#### [What you will do]
All entries below must be retyped exactly, though pictures are to be skipped.

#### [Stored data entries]
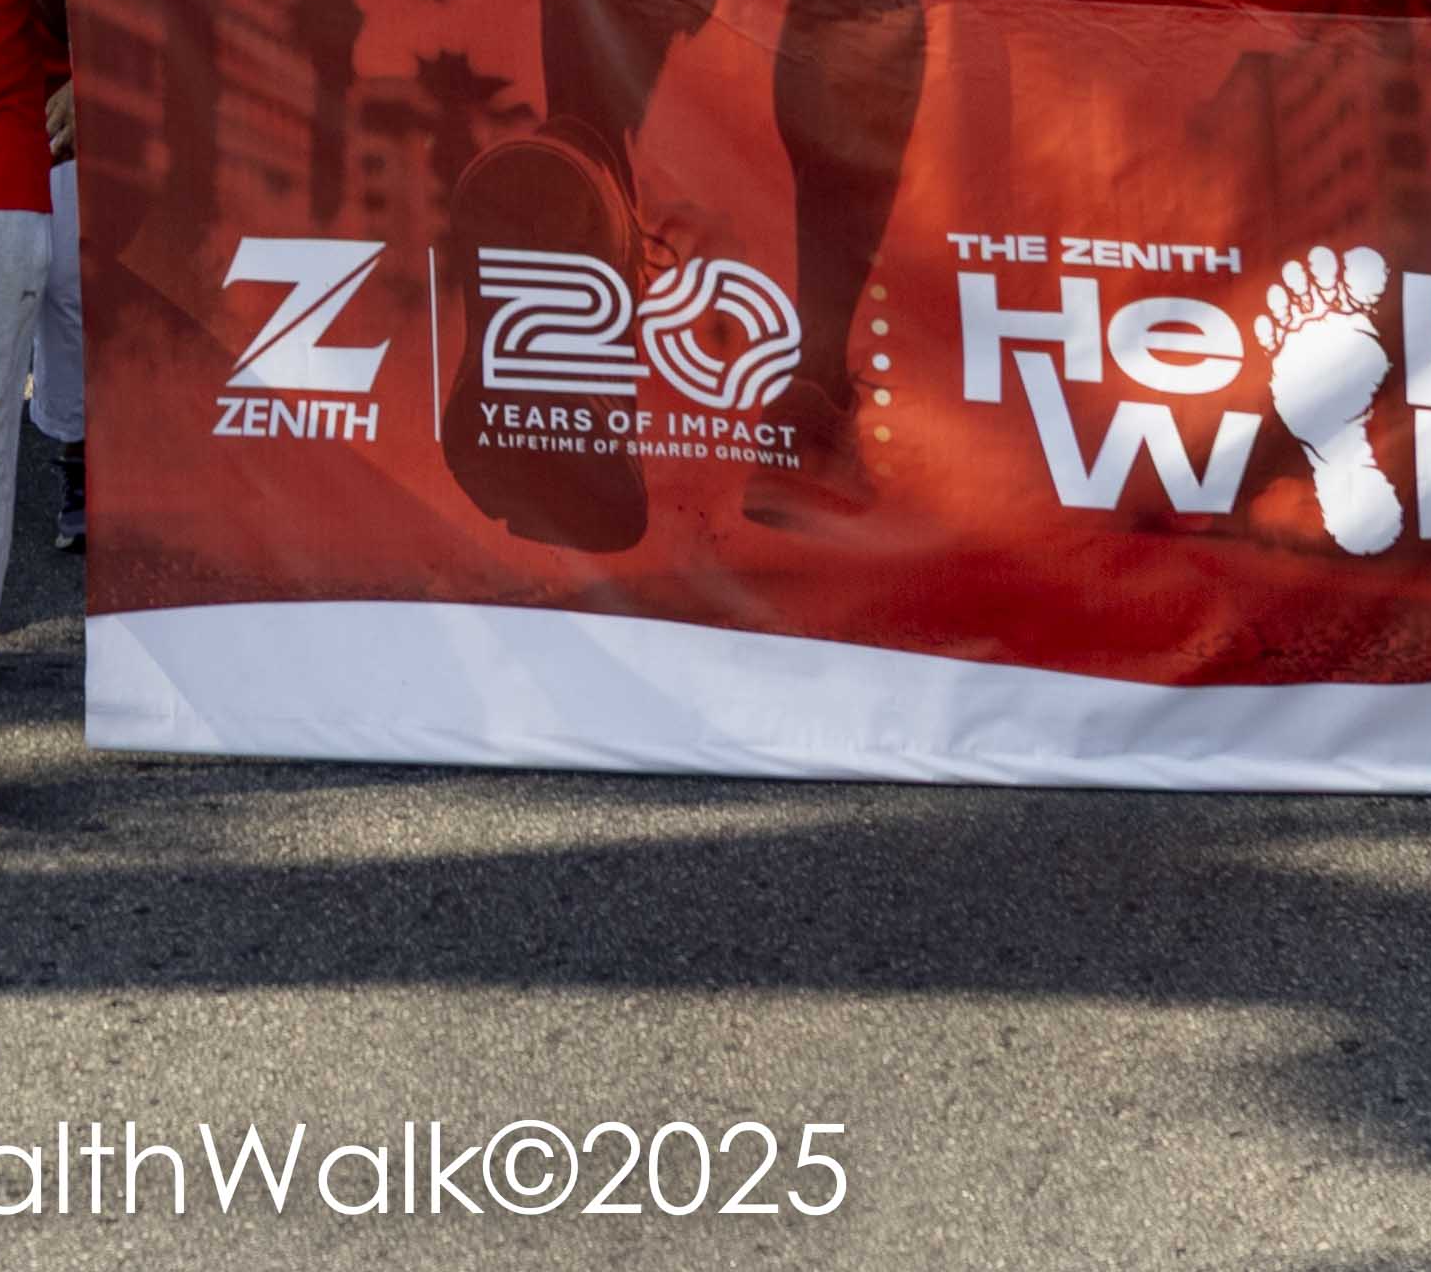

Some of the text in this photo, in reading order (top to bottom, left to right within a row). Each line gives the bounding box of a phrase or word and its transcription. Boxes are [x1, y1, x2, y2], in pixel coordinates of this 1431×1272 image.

[947, 232, 1242, 274] THE ZENITH
[222, 236, 390, 394] Z
[478, 247, 802, 411] 20
[212, 396, 380, 442] ZENITH
[480, 402, 797, 449] YEARS OF IMPACT
[478, 431, 801, 469] A LIFETIME OF SHARED GROWTH

#### [Solution for this exercise]
Some of the text in this photo, in reading order (top to bottom, left to right within a row). Each line gives the bounding box of a phrase or word and its transcription. Boxes are [x1, y1, x2, y2], in pixel coordinates of this 1431×1272 image.

[947, 232, 1242, 274] THE ZENITH
[222, 236, 390, 394] Z
[478, 247, 802, 411] 20
[212, 396, 380, 442] ZENITH
[480, 402, 797, 449] YEARS OF IMPACT
[478, 431, 801, 469] A LIFETIME OF SHARED GROWTH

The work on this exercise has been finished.